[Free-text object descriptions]
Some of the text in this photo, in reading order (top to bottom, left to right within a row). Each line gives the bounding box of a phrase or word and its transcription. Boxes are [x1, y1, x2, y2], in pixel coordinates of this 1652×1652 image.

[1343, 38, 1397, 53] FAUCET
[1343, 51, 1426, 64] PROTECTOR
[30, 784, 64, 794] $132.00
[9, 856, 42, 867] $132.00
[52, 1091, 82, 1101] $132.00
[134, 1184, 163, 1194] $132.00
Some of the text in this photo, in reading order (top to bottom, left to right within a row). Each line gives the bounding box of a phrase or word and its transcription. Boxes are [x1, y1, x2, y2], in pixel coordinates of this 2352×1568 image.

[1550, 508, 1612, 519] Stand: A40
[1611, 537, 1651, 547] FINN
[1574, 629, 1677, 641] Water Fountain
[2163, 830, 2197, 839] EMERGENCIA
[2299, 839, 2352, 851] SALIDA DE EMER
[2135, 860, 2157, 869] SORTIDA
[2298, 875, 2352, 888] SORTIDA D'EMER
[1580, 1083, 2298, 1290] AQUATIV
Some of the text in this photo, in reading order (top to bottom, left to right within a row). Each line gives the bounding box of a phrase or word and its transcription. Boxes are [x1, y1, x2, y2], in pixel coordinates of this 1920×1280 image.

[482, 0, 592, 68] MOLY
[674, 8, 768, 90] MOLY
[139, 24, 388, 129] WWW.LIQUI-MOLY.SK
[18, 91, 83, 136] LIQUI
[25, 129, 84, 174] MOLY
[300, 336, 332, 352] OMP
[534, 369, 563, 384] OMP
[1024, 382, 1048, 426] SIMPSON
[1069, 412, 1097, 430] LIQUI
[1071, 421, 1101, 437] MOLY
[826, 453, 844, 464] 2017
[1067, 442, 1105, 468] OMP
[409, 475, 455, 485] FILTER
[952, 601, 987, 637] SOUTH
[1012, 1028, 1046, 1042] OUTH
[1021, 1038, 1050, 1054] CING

= What is being asked =
An exact reproduction of all the entries, complete to the last line, is needed.

= Expected answer =
Some of the text in this photo, in reading order (top to bottom, left to right within a row). Each line gives the bounding box of a phrase or word and its transcription. Boxes are [x1, y1, x2, y2], in pixel coordinates of this 1652×1652 image.

[1343, 38, 1397, 53] FAUCET
[1343, 51, 1426, 64] PROTECTOR
[30, 784, 64, 794] $132.00
[9, 856, 42, 867] $132.00
[52, 1091, 82, 1101] $132.00
[134, 1184, 163, 1194] $132.00
Some of the text in this photo, in reading order (top to bottom, left to right within a row). Each line gives the bounding box of a phrase or word and its transcription. Boxes are [x1, y1, x2, y2], in pixel coordinates of this 2352×1568 image.

[1550, 508, 1612, 519] Stand: A40
[1611, 537, 1651, 547] FINN
[1574, 629, 1677, 641] Water Fountain
[2163, 830, 2197, 839] EMERGENCIA
[2299, 839, 2352, 851] SALIDA DE EMER
[2135, 860, 2157, 869] SORTIDA
[2298, 875, 2352, 888] SORTIDA D'EMER
[1580, 1083, 2298, 1290] AQUATIV
Some of the text in this photo, in reading order (top to bottom, left to right within a row). Each line gives the bounding box of a phrase or word and its transcription. Boxes are [x1, y1, x2, y2], in pixel coordinates of this 1920×1280 image.

[482, 0, 592, 68] MOLY
[674, 8, 768, 90] MOLY
[139, 24, 388, 129] WWW.LIQUI-MOLY.SK
[18, 91, 83, 136] LIQUI
[25, 129, 84, 174] MOLY
[300, 336, 332, 352] OMP
[534, 369, 563, 384] OMP
[1024, 382, 1048, 426] SIMPSON
[1069, 412, 1097, 430] LIQUI
[1071, 421, 1101, 437] MOLY
[826, 453, 844, 464] 2017
[1067, 442, 1105, 468] OMP
[409, 475, 455, 485] FILTER
[952, 601, 987, 637] SOUTH
[1012, 1028, 1046, 1042] OUTH
[1021, 1038, 1050, 1054] CING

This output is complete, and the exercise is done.